Broken Olive Tradition in Provence: An Authentic Craftsmanship

The tradition of broken olives in Provence marks the transition between summer and autumn, capturing an authentic craftsmanship passed down from generation to generation.

Discover the secrets of late harvesting, delicate fruit notching, and the significance of this eagerly anticipated practice among enthusiasts of this specialty.

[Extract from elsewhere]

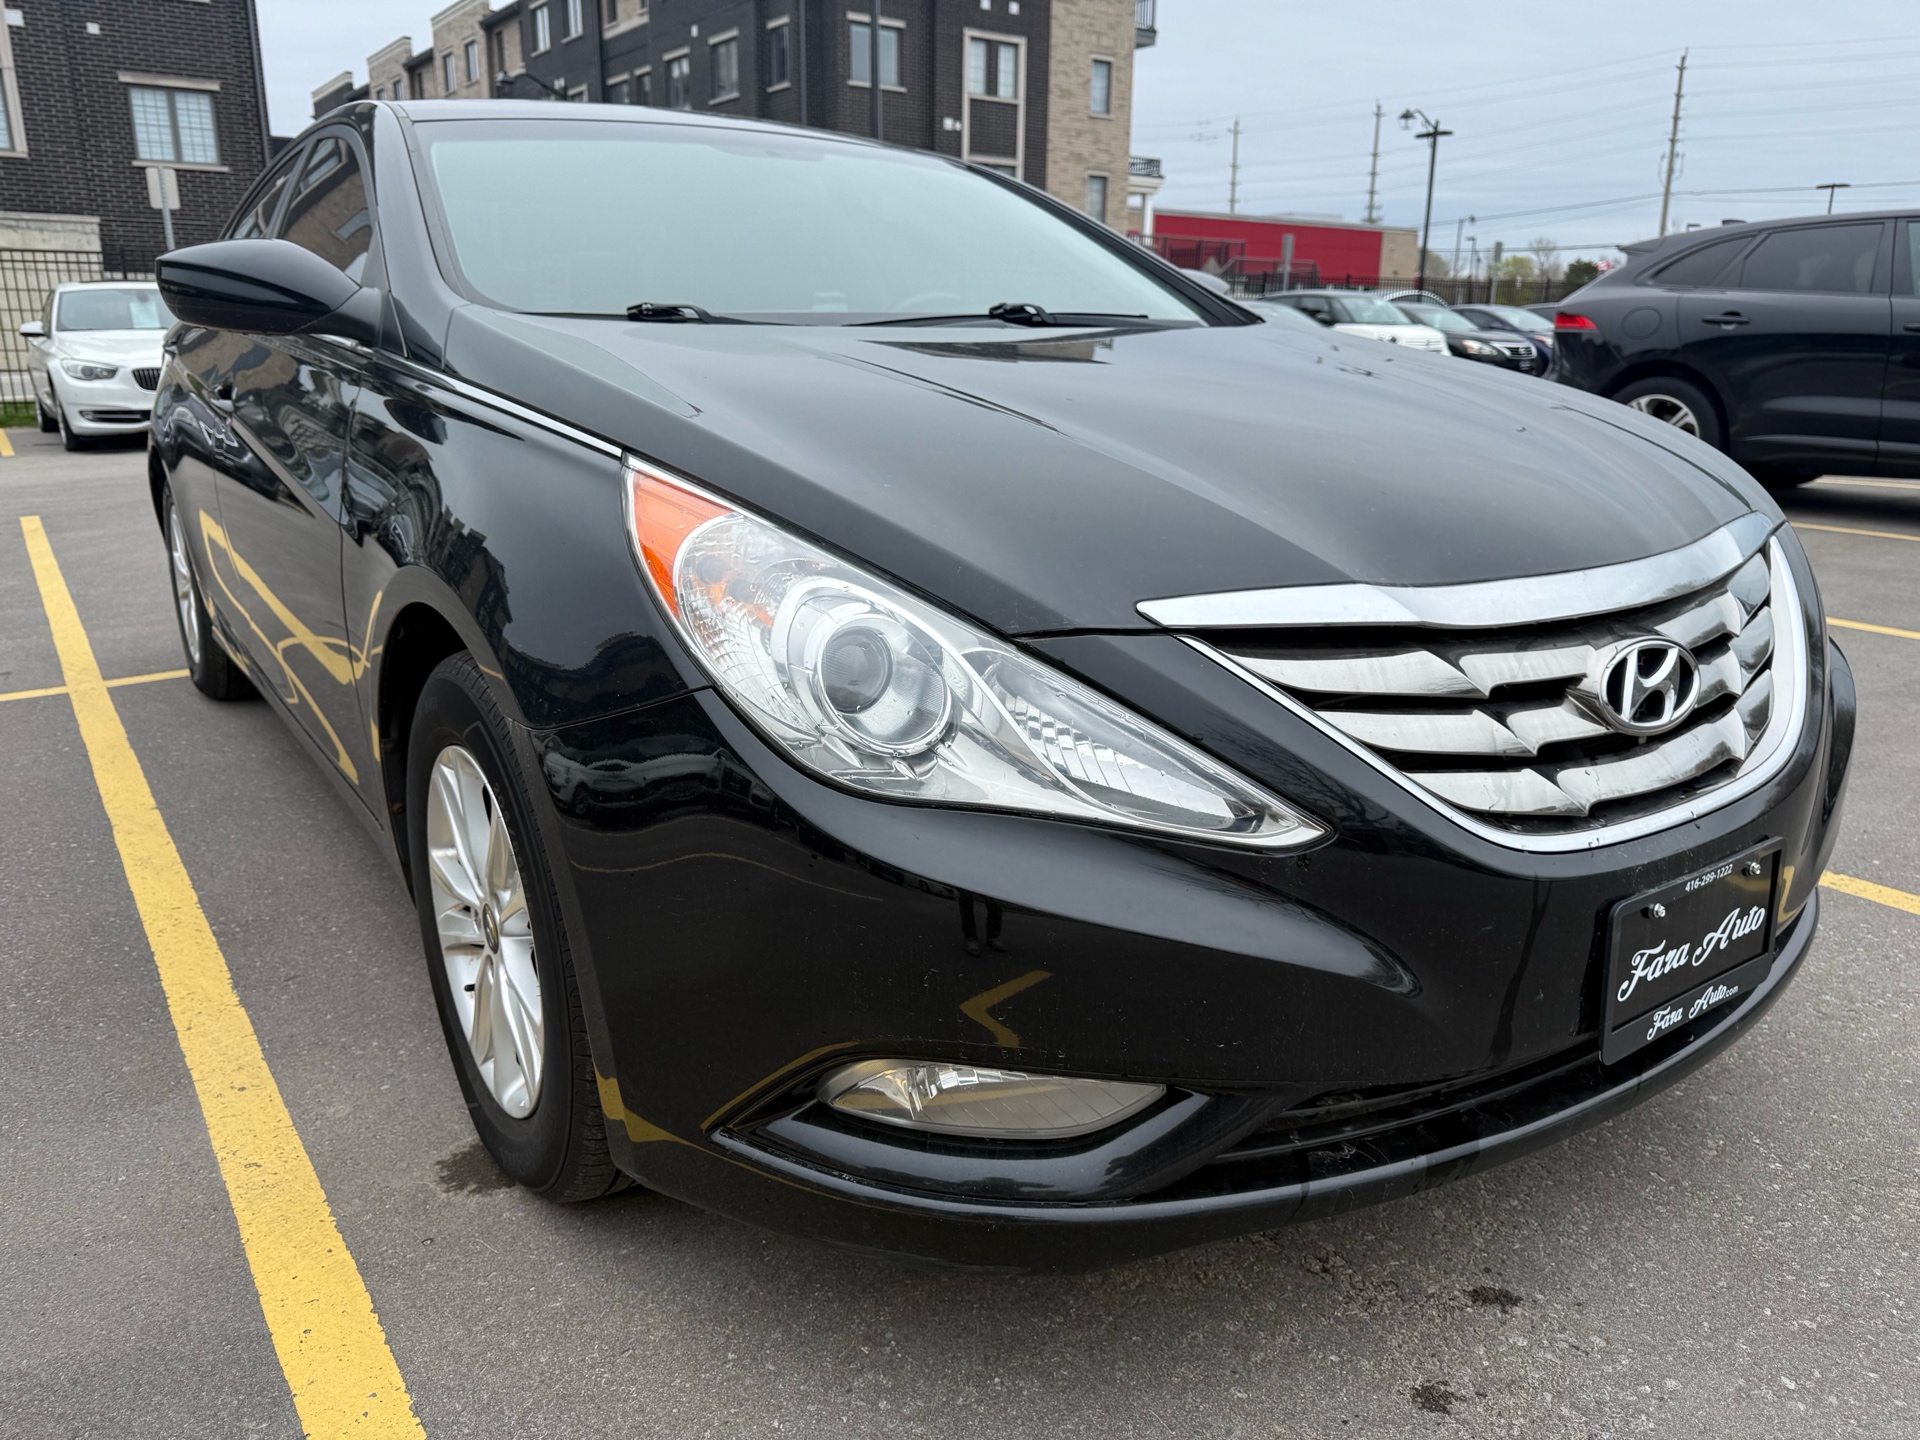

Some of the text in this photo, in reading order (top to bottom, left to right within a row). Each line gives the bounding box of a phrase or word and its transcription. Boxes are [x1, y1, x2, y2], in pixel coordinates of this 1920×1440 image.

[1685, 863, 1733, 892] 416-299-1222
[1617, 905, 1766, 1002] Fara Auto
[1646, 1005, 1683, 1040] Fara

Harvesting and Olive Varieties

The tradition of broken olives begins with a slightly later harvest than that of green olives. The fruits are notched using a mallet, ensuring that each olive is slightly split without being crushed.

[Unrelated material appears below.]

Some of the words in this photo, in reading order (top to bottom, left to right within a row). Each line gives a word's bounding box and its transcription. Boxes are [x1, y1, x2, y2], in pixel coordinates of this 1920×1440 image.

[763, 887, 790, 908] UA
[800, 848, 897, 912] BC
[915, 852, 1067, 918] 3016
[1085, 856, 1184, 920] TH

The famous "broken green olives from the Vallée des Baux-de-Provence" come from the Salonenque or Aglandau varieties, giving this tradition a unique and distinctive flavor.

Preparation of Broken Green Olives

The preparation of broken green olives requires meticulous attention.

Use a wooden mallet to lightly crack the olives; the goal is to split the olives without crushing them, thus preserving their integrity.

Then place them in a container, covering them with cold water to prevent oxidation and ensure they retain their characteristic green color.

Leave the olives in the water for 9 to 12 days, renewing daily until they lose all bitterness.

Preparation of Broken Olives: Brine or "Infusion"

Once broken, green olives are hand-picked and enter the crucial phase of preparing the brine or "infusion."

To prepare the infusion:

  1. Boil clean water.
  2. Add coarse salt, pepper, a piece of orange peel, bay leaves, and fennel to the boiling water.
  3. Boil for 10 minutes, then let it cool completely.

Drain the broken olives and, once the brine is cold, pour it into the jar with the olives. You can start enjoying these delights 5 or 6 days later. Make sure to fully immerse your olives for optimal preservation.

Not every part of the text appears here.